她让白卉在屋里点了灯,明亮的灯光,却不能让她摆脱黑暗的噩梦。

所以她只能睁着眼,希望这个黑夜快点过去。

身边少了一个人,即使在炎炎夏日,仍然觉得冰冷。

赵言钰没有回书房去,他一直站在庭院里,看着菱格纸窗里透出的光芒,心里难受得犹如刀割。

他的小师妹…今日该多伤心,对他多失望。

为什么不骂他不揍他,这样他反而会有办法补偿自己的过错,她连一句怨他的话都不说,更让他不知该怎么办。

阿莞,阿莞…

直到天边浮起一抹鱼肚白,庭院的那道颀长身影依旧没有离开。

第二百四十五章 冷战

天微亮,齐莞就起来了,让白卉进来为她更衣。

看着齐莞脸色憔悴的摸样,白卉和沉香都心里跟着难受起来,昨晚她们同样睡得不安稳,少夫人和少爷自成亲之后一直恩恩爱爱,不知羡煞多少旁人,即使如今外面隐隐传出少爷养外室的事儿,少夫人依旧坚定的相信少爷。

可怎么就闹出下药的事呢?

少夫人怕是没那么容易原谅少爷了吧?白卉看了一眼窗外,忍不住开口,“少夫人,少爷在外面守了一夜…”

沉香用手肘轻轻撞了一下白卉,然后忿忿地对齐莞说,“少爷做错了事,受点惩罚是应该的,一个晚上没睡觉算什么,就是让少爷天天在外面守着,也不能让少夫人消气。”

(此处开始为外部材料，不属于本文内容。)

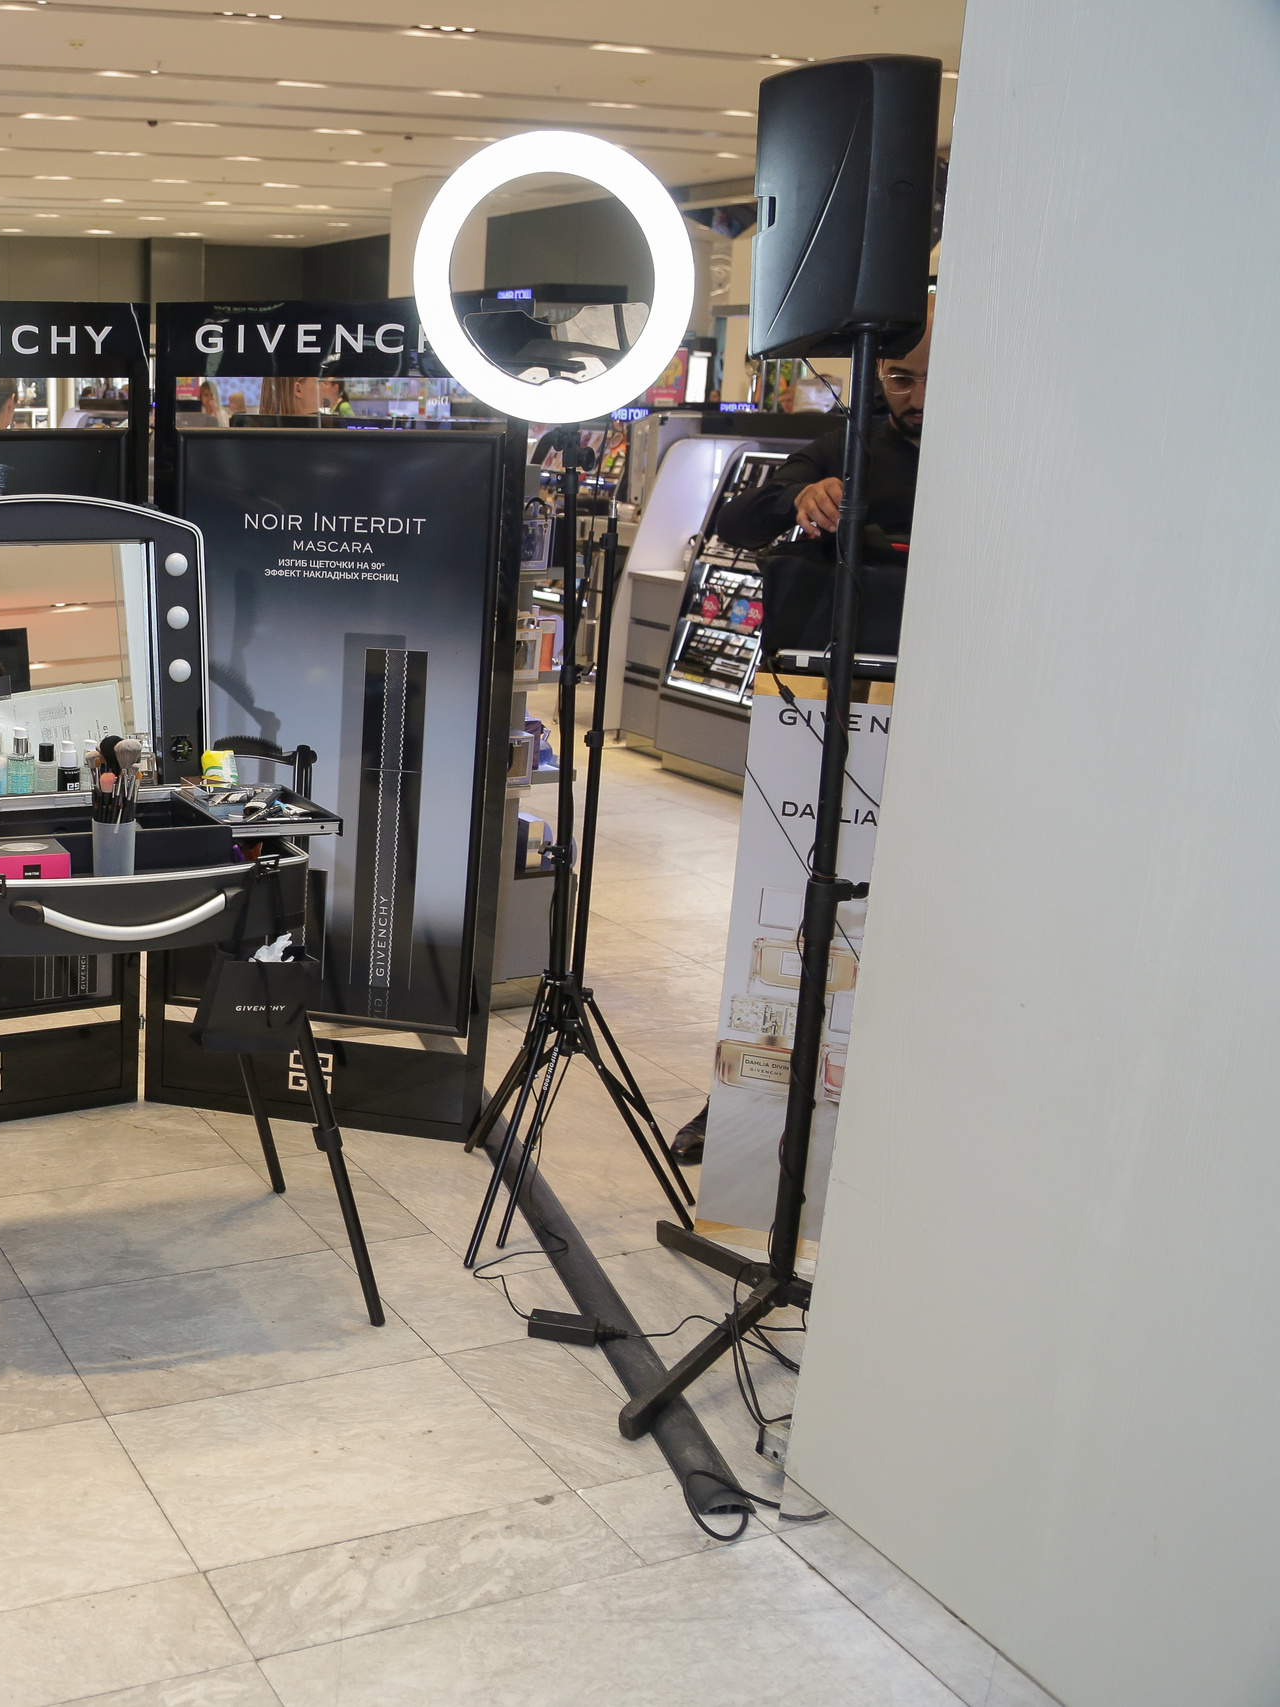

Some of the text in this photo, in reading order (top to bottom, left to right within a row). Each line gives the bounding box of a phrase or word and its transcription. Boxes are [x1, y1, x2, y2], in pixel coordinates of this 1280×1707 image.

[244, 513, 303, 531] NOIR
[293, 540, 373, 554] MASCARA
[278, 559, 385, 571] ИЗГИБ ЩЕТОЧКИ НА 90°
[264, 568, 399, 583] ЭФФЕКТ НАКЛАДНЫХ РЕСНИЦ
[781, 801, 877, 827] DALIA
[376, 896, 389, 977] GIVENCHY
[745, 1059, 770, 1068] DAHLIA
[750, 1067, 782, 1076] GIVENCHY
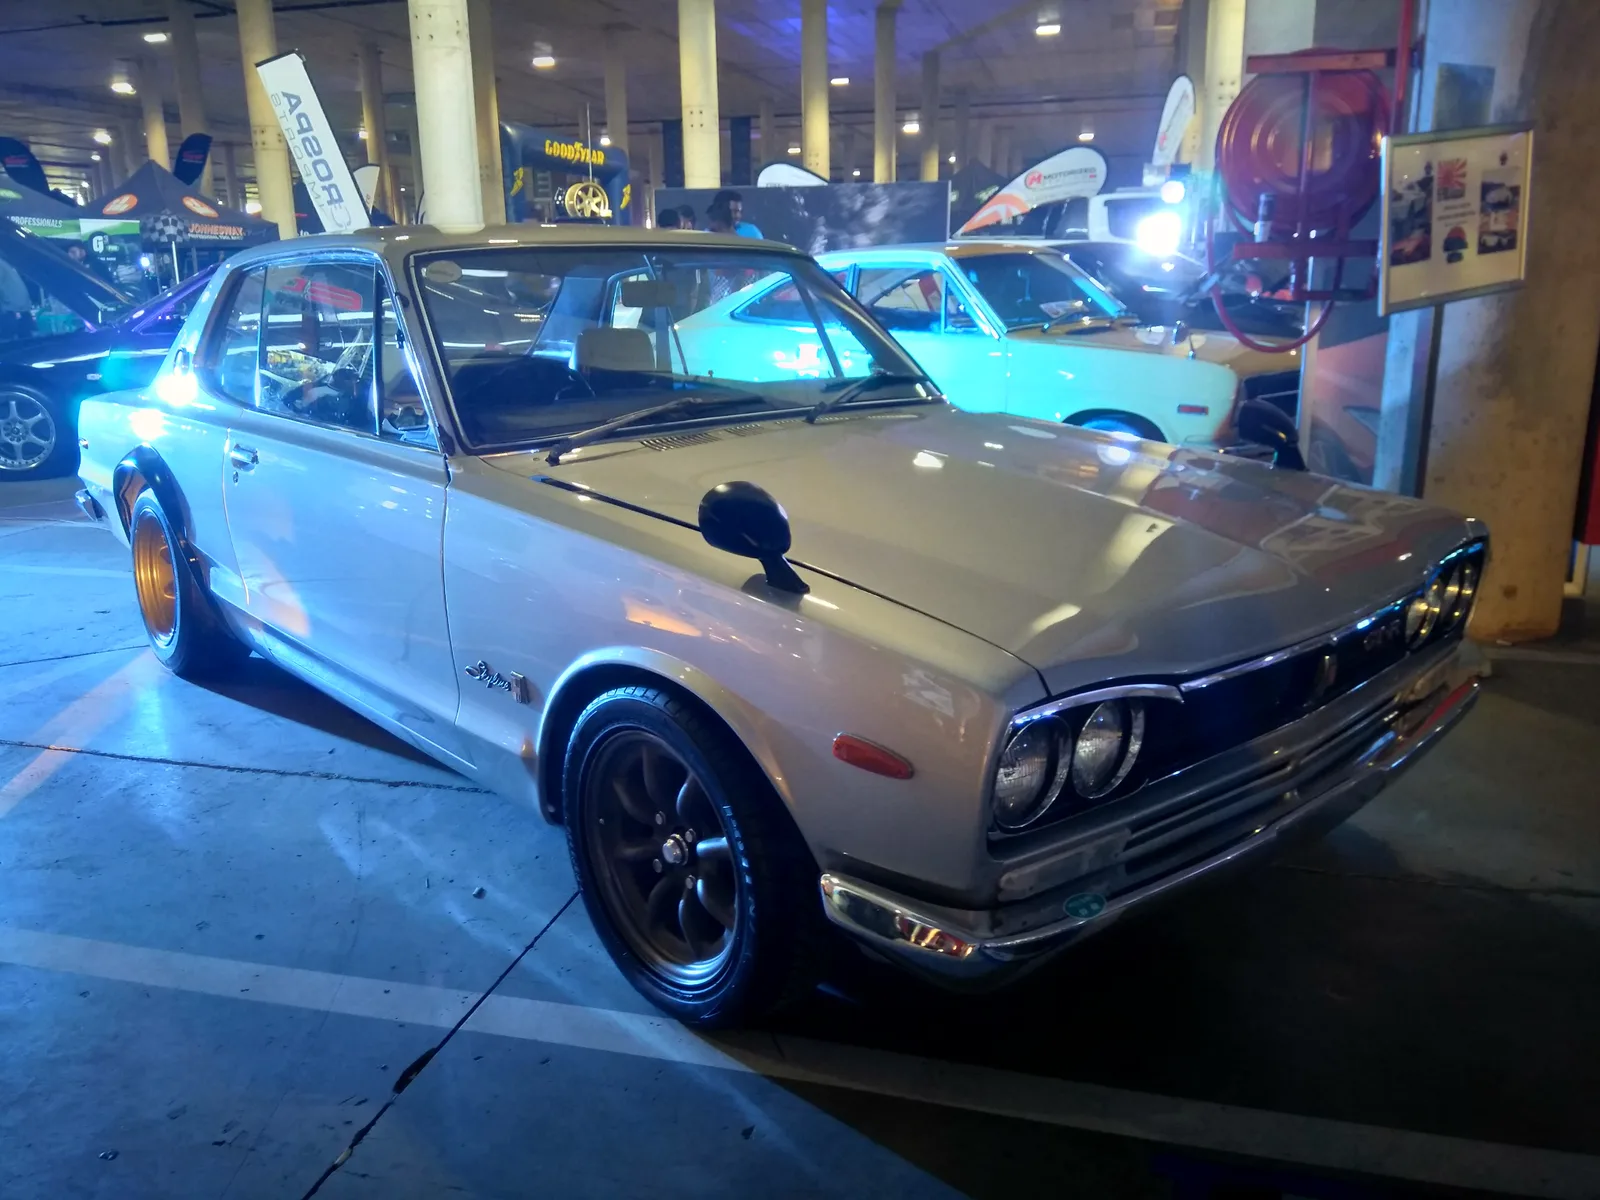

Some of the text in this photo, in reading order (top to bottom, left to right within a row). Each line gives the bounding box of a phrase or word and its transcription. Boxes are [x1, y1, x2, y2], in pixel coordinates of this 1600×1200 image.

[545, 139, 605, 165] GOODYEAR
[10, 215, 63, 228] PROFESSIONALS
[464, 660, 512, 691] Skyline
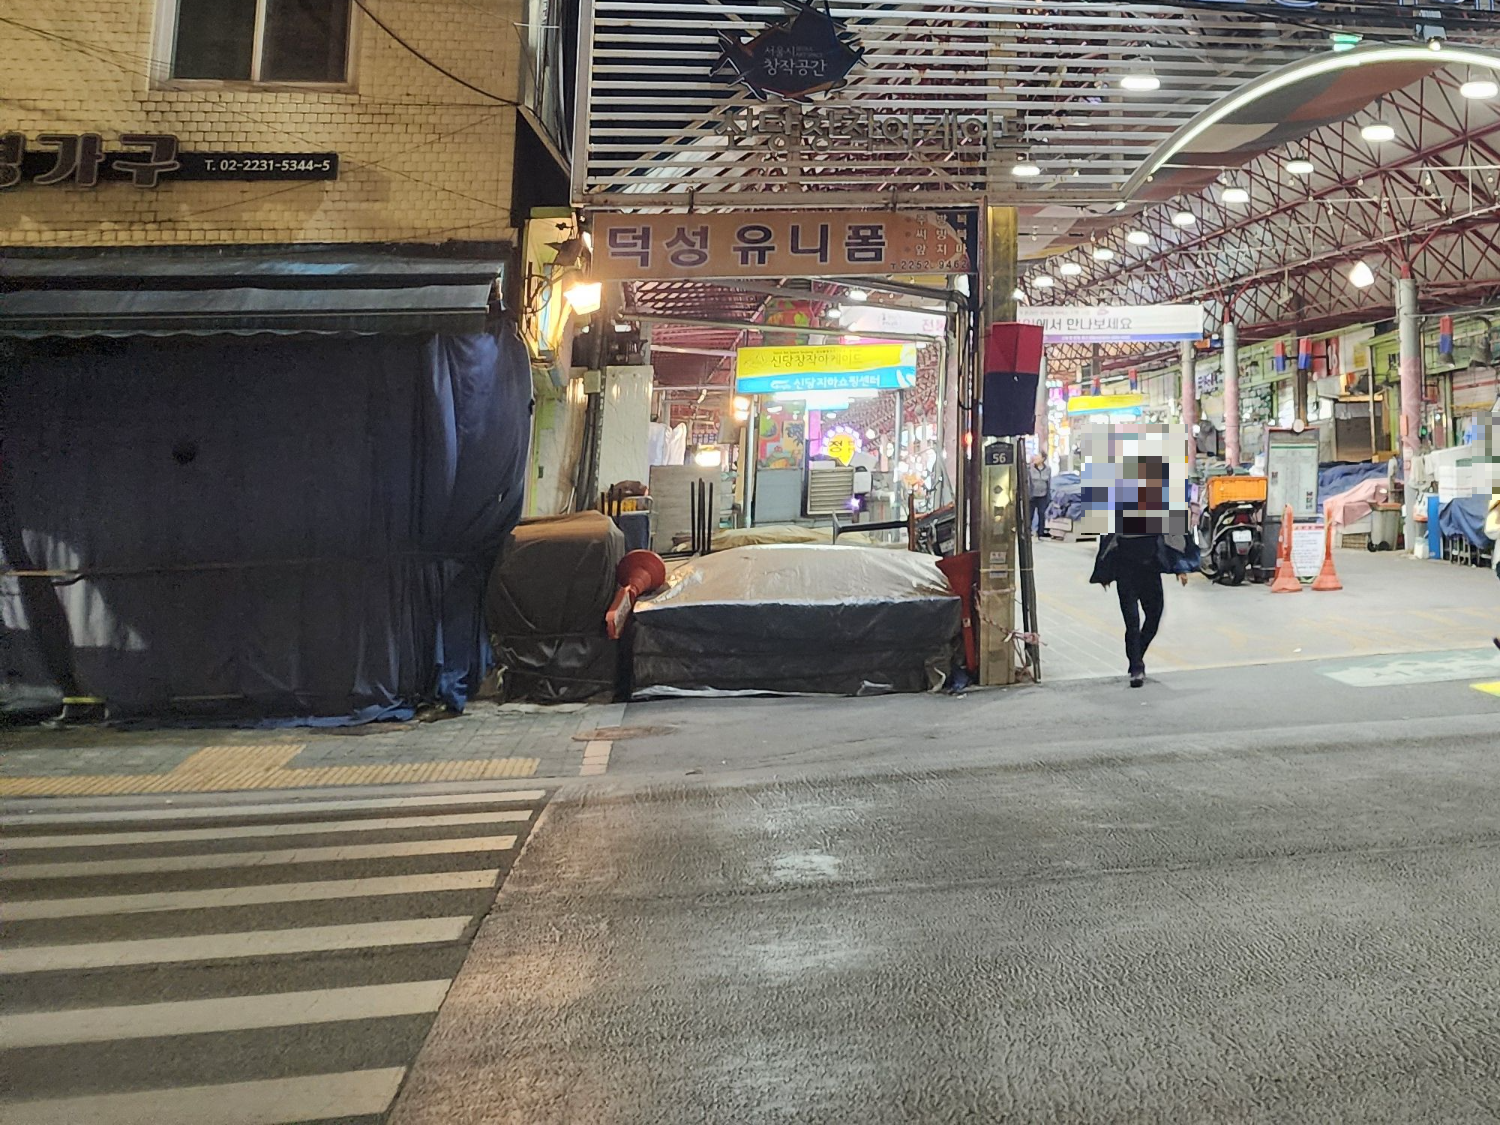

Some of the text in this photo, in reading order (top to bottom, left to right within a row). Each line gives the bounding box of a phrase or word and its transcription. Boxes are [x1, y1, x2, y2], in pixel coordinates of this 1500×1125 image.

[763, 58, 828, 77] 창작공간
[715, 105, 1031, 154] 신당창작아케이드
[220, 159, 330, 173] 02-2231-5344~5
[607, 223, 887, 267] 덕성 유니폼
[992, 452, 1007, 464] 56
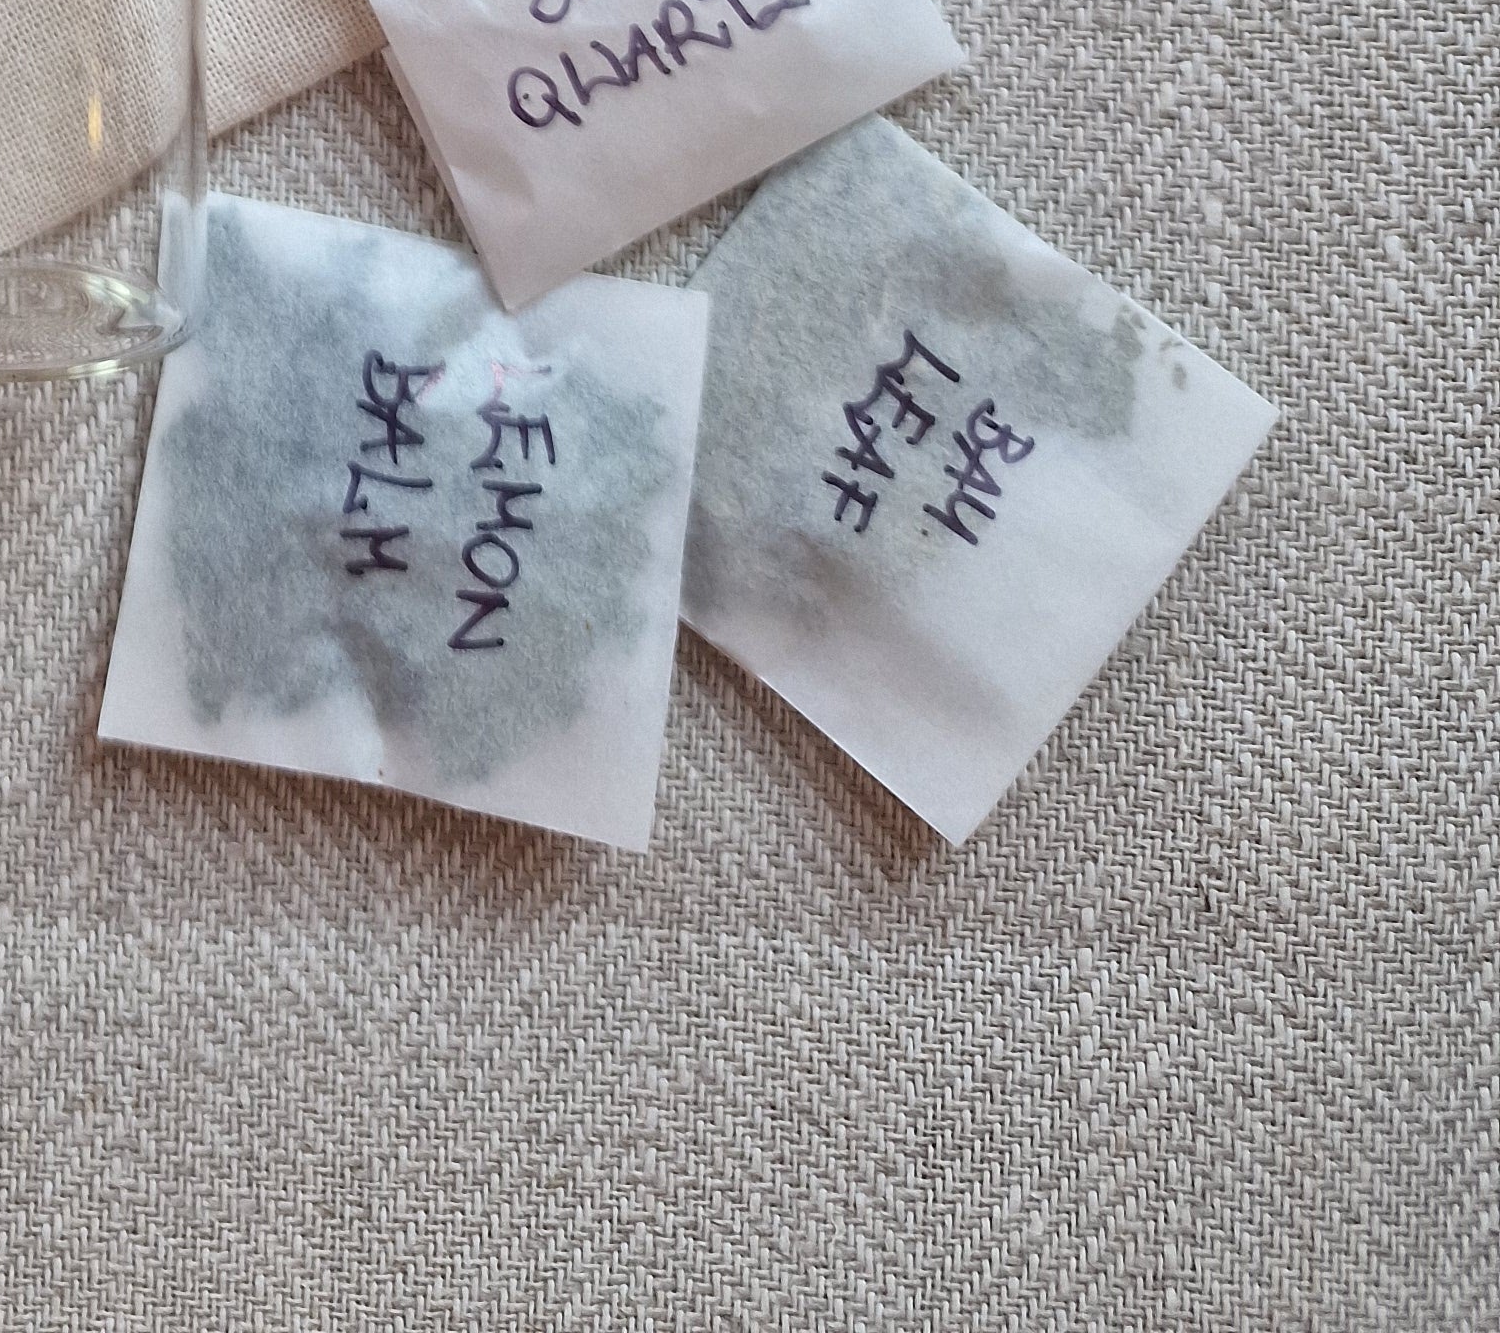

两个丫环一个扮黑脸一个扮白脸,都是想要为赵言钰说情。

齐莞却仿佛置身事外,只是漠然的在苍白的脸颊抹了一点胭脂,淡白的唇色抹了胭脂之后,看起来总算多了一点血色。

“少夫人…”白卉担忧地看着她。

“去准备早膳吧。”齐莞淡淡地开口,一夜无眠,声音带了一点嘶哑。

白卉还想继续说什么,却被沉香扯了一下,两人退了出去。

绿枝过来请齐莞去老太爷那里。

没一会儿,白卉她们将早膳准备好了,都是齐莞平时喜欢的酱瓜和糕点,只是齐莞实在没有胃口,只是强迫自己吃了小半碗白粥,就让丫环撤了下去。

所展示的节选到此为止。